How Google Earth VR Ruins Childhood Memories
On a recent “Voices of VR” podcast, I heard host Kent Bye talking about using Google Earth VR to reminisce and share stories with friends. Now, I had a very happy childhood, but my first reaction was, “I would never reminisce or share stories about my past in Google Earth VR. That’s just going to corrupt those memories.”
Memory is one the pillars of human cognition, in addition to attention, problem-solving, evaluation, and decision-making. It is also extremely fragile and easy to influence. If our experiences and memories are what make each of us unique, then it is sobering to realize how unreliable human memory can be.
Your brain is not a computer.
Human memory does not behave like a computer. Memories are not files on a hard drive just waiting to be loaded. They are not fossils to be re-visited in a perfectly maintained museum. Just by reminiscing about an event in your life, your memory of that event is impacted.
Recalling memories changes them.
The act of revisiting our memories alters them. Here’s a good recap from Jeremy Dean at PsyBlog:
How can recalling a memory change it? Well, just by recalling a memory, it becomes stronger in comparison to other memories. Let’s run this through an example. Say you think back to one particular birthday from childhood and you recall getting a Lego spaceship. Each time you recall that fact, the other things you got for your birthday that day become weaker in comparison.
The process of recall, then, is actually actively constructing the past, or at least the parts of your past that you can remember.
This is only the beginning though. False memories can potentially be created by this process of falsely recalling the past. Indeed, psychologists have experimentally implanted false memories. This raises the fascinating idea that effectively we create ourselves by choosing which memories to recall.
And Dean writes of another illustration of how easy it is to manipulate human memory:
A neat experiment by Goff and Roediger (1998) demonstrates how easily our memory can transform fantasy into reality. Participants were asked either to imagine performing an action or actually asked to perform it, e.g. breaking a toothpick. Sometime later they went through the same process again. Then, later still they were asked whether they had performed that action or just imagined it. Those who imagined the actions more frequently the second time were more likely to think they’d actually performed the actions the first time.
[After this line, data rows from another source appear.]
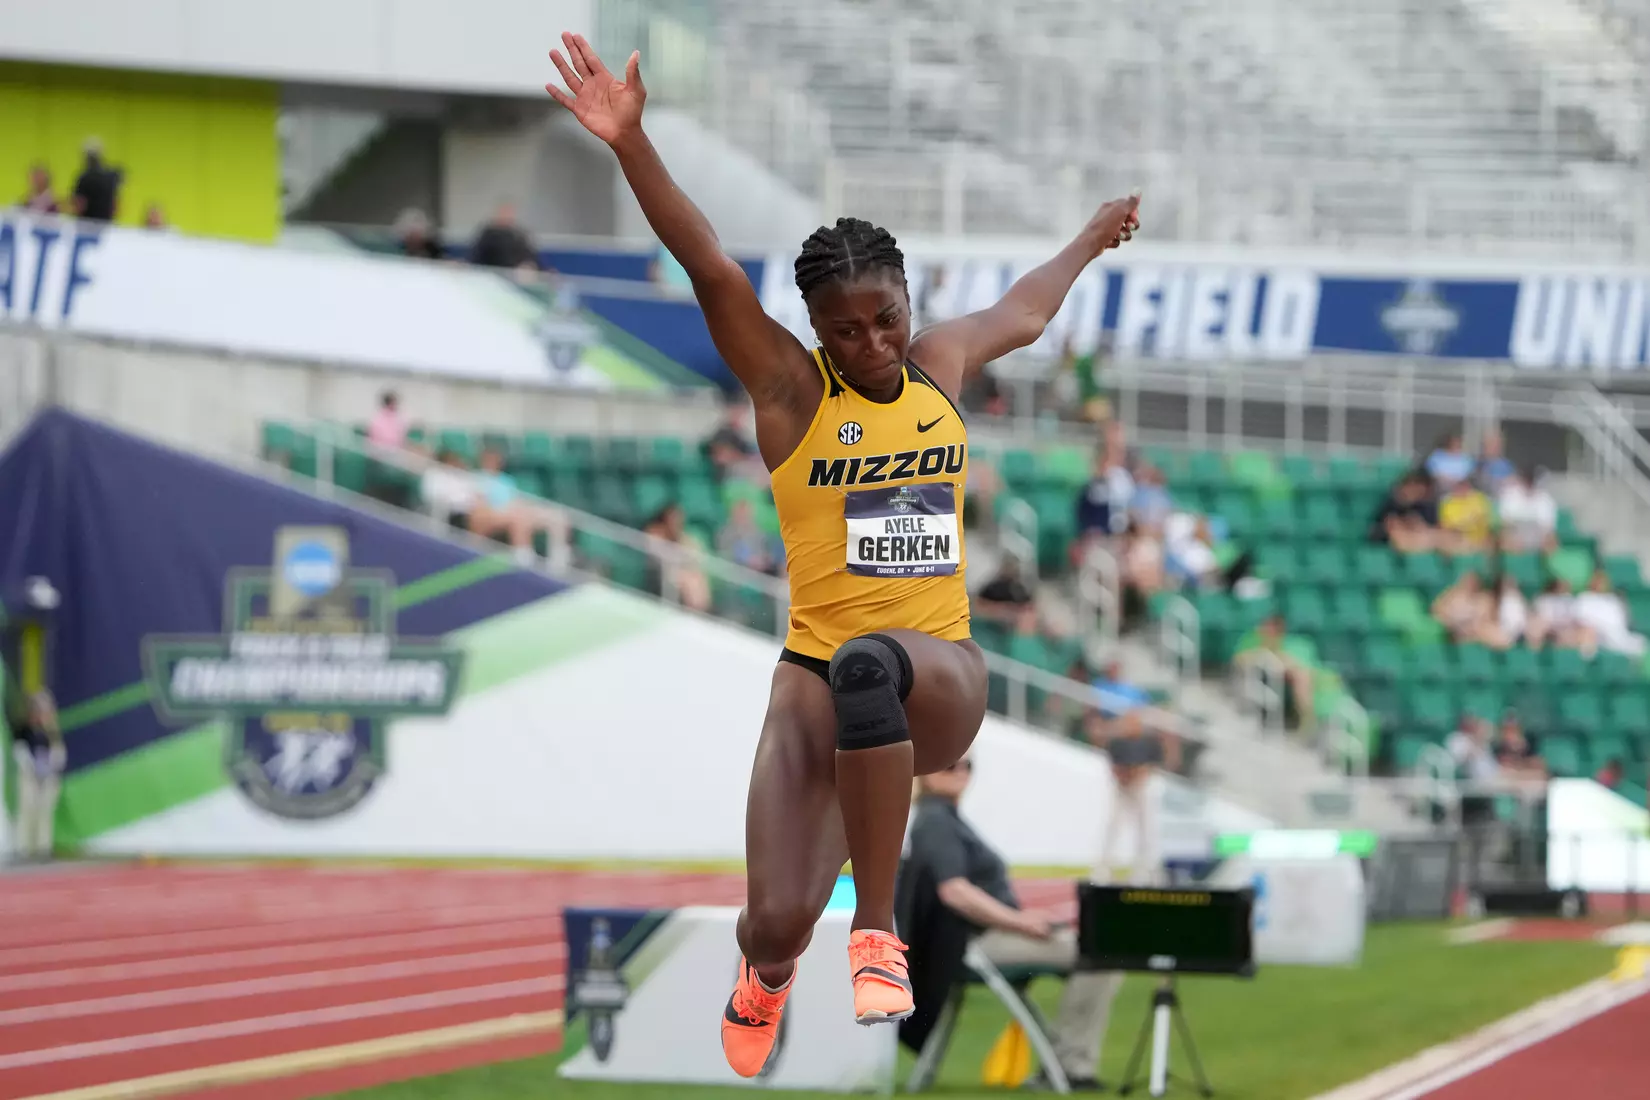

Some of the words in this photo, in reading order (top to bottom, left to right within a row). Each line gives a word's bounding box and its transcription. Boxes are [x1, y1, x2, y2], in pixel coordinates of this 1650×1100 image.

[1117, 264, 1318, 360] FIELD
[839, 422, 862, 444] SEC
[807, 443, 965, 487] MIZZOU
[884, 517, 926, 534] AYELE
[858, 534, 950, 562] GERKEN
You might think — I can remember details about my childhood much better than if a researcher in a white coat asked me to break a toothpick. Possibly, though we tend to have the best memory for the most recent events. Think about the implications of this false memory study for VR. People could easily believe that what they experienced virtually happened in real life. It makes me wonder if creating realistic presence in VR should actually be a goal, given how it could affect people’s perceptions of reality.
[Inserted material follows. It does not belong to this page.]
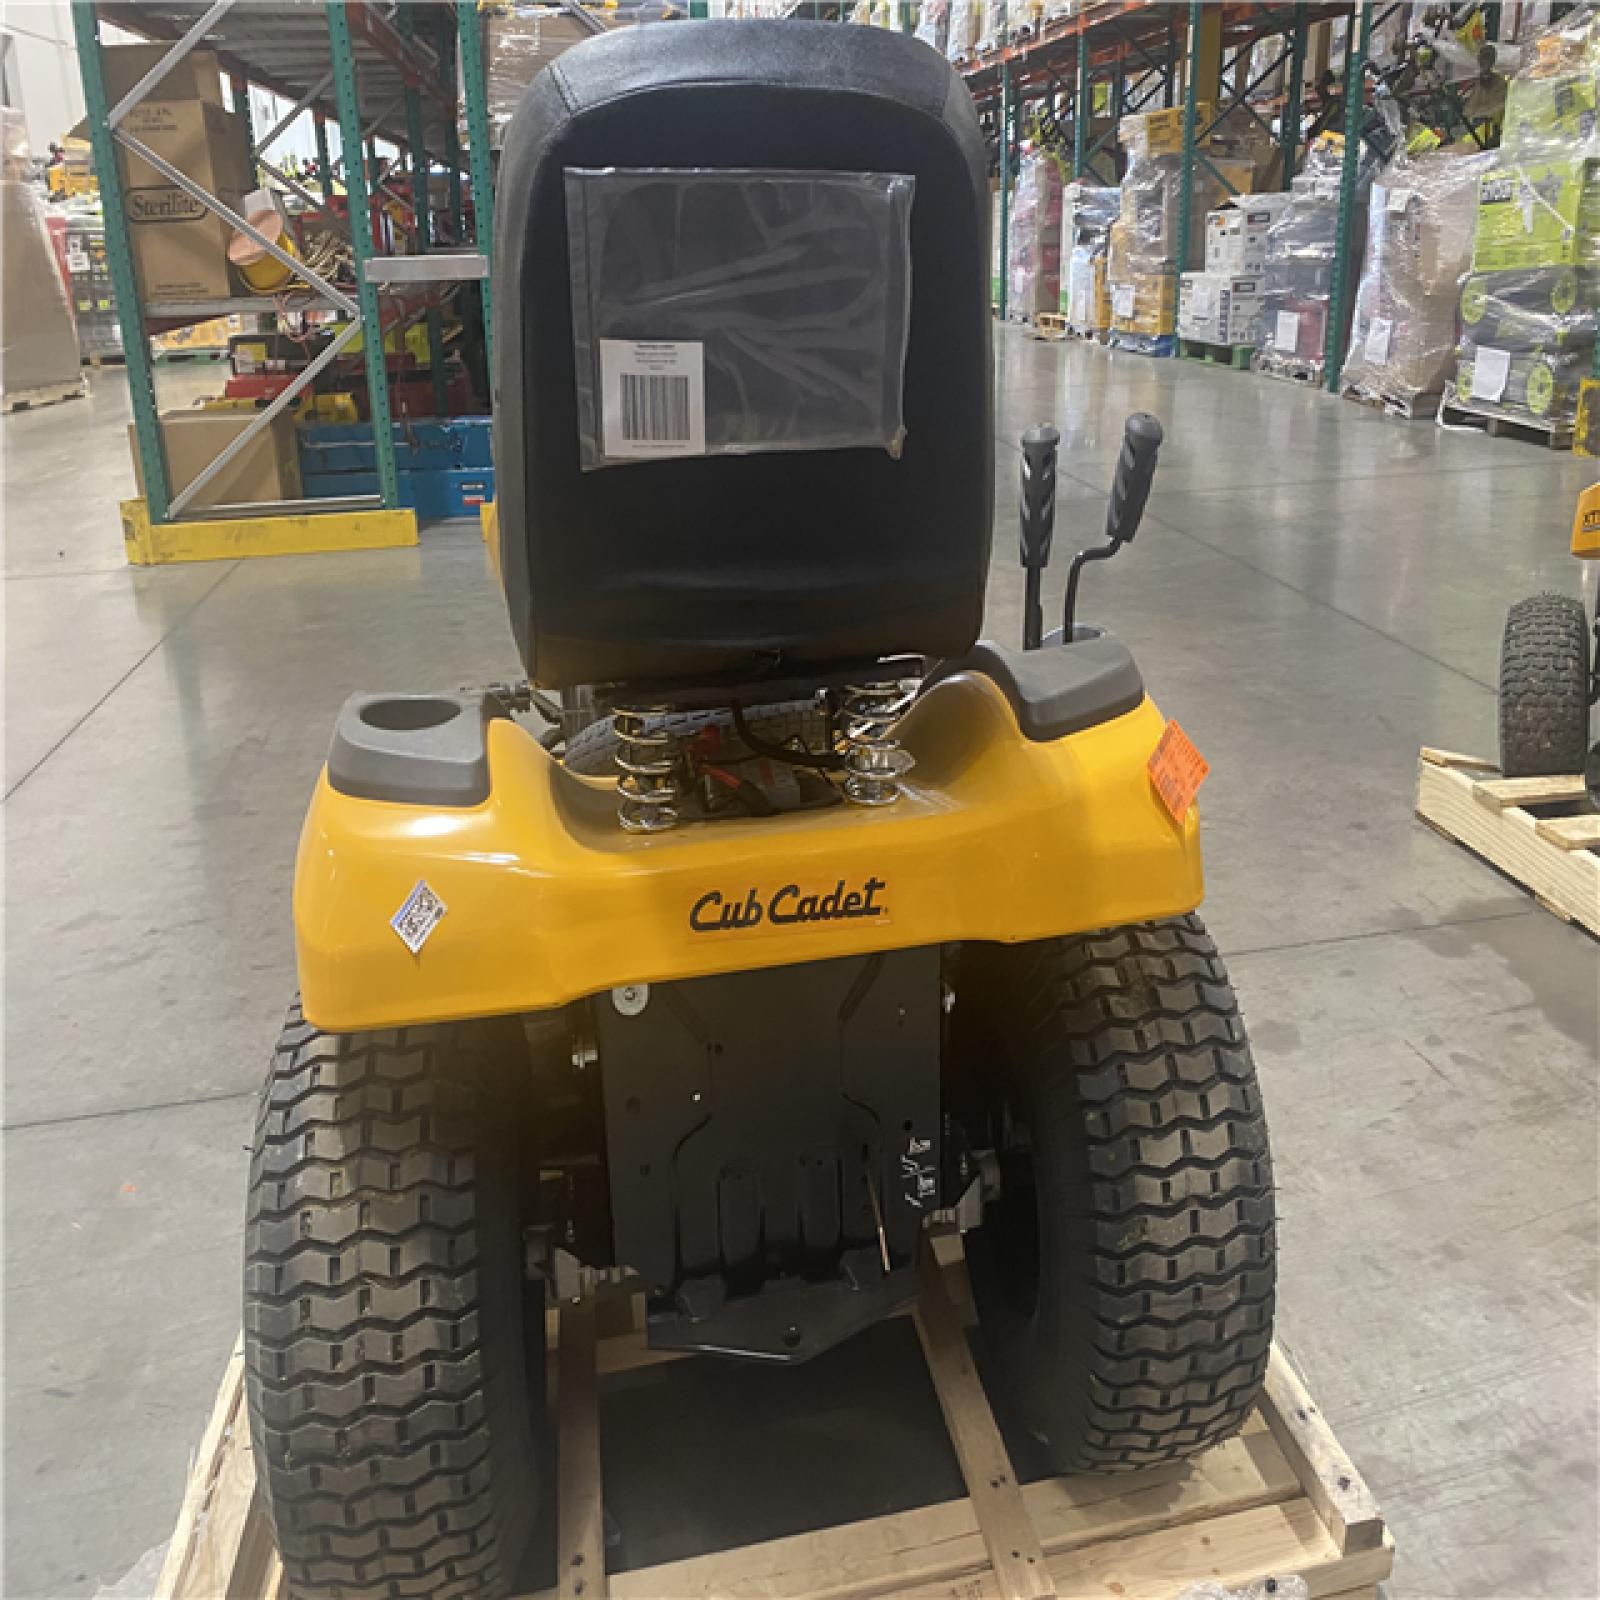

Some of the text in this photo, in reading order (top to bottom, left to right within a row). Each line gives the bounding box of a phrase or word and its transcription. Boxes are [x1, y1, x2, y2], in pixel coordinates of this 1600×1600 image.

If you are interested in memory, it has been studied extensively by researchers in criminal justice. Cognitive psychologist Elizabeth Loftus has done tremendous work in false memory and the inaccuracies of eyewitness testimony. In short, eyewitnesses are not reliable due to poor viewing conditions, brief exposure, being under stress, having pre-conceived expectations, biases, stereotypes, and more.
Takeaways for VR Designers
• The human brain is not a computer.
• The act of recalling memories changes them.
• Maintain skepticism of the memories that people recount to you (and the memories that you personally retrieve). We are actively constructing our own experiences everyday.